# About this task
Each record has to be returned exactly as it appears.

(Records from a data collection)
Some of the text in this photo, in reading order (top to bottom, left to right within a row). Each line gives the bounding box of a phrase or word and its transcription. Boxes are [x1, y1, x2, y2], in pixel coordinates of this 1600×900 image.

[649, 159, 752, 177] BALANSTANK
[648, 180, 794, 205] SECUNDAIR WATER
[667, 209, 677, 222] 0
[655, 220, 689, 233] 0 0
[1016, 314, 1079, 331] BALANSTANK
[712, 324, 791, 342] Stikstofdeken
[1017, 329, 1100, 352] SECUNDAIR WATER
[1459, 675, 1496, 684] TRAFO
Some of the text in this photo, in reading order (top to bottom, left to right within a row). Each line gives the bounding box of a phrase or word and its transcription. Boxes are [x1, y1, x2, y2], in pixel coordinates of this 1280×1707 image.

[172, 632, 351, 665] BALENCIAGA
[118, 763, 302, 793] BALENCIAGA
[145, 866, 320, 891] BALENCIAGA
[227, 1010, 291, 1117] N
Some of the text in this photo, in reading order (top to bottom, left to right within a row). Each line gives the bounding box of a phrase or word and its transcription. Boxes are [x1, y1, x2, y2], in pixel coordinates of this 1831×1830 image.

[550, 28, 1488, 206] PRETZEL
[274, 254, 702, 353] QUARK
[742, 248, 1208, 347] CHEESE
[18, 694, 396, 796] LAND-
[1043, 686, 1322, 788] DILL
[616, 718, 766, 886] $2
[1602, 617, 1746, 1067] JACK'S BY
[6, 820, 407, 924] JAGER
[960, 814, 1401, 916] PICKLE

# Response to this exercise
Some of the text in this photo, in reading order (top to bottom, left to right within a row). Each line gives the bounding box of a phrase or word and its transcription. Boxes are [x1, y1, x2, y2], in pixel coordinates of this 1600×900 image.

[649, 159, 752, 177] BALANSTANK
[648, 180, 794, 205] SECUNDAIR WATER
[667, 209, 677, 222] 0
[655, 220, 689, 233] 0 0
[1016, 314, 1079, 331] BALANSTANK
[712, 324, 791, 342] Stikstofdeken
[1017, 329, 1100, 352] SECUNDAIR WATER
[1459, 675, 1496, 684] TRAFO
Some of the text in this photo, in reading order (top to bottom, left to right within a row). Each line gives the bounding box of a phrase or word and its transcription. Boxes are [x1, y1, x2, y2], in pixel coordinates of this 1280×1707 image.

[172, 632, 351, 665] BALENCIAGA
[118, 763, 302, 793] BALENCIAGA
[145, 866, 320, 891] BALENCIAGA
[227, 1010, 291, 1117] N
Some of the text in this photo, in reading order (top to bottom, left to right within a row). Each line gives the bounding box of a phrase or word and its transcription. Boxes are [x1, y1, x2, y2], in pixel coordinates of this 1831×1830 image.

[550, 28, 1488, 206] PRETZEL
[274, 254, 702, 353] QUARK
[742, 248, 1208, 347] CHEESE
[18, 694, 396, 796] LAND-
[1043, 686, 1322, 788] DILL
[616, 718, 766, 886] $2
[1602, 617, 1746, 1067] JACK'S BY
[6, 820, 407, 924] JAGER
[960, 814, 1401, 916] PICKLE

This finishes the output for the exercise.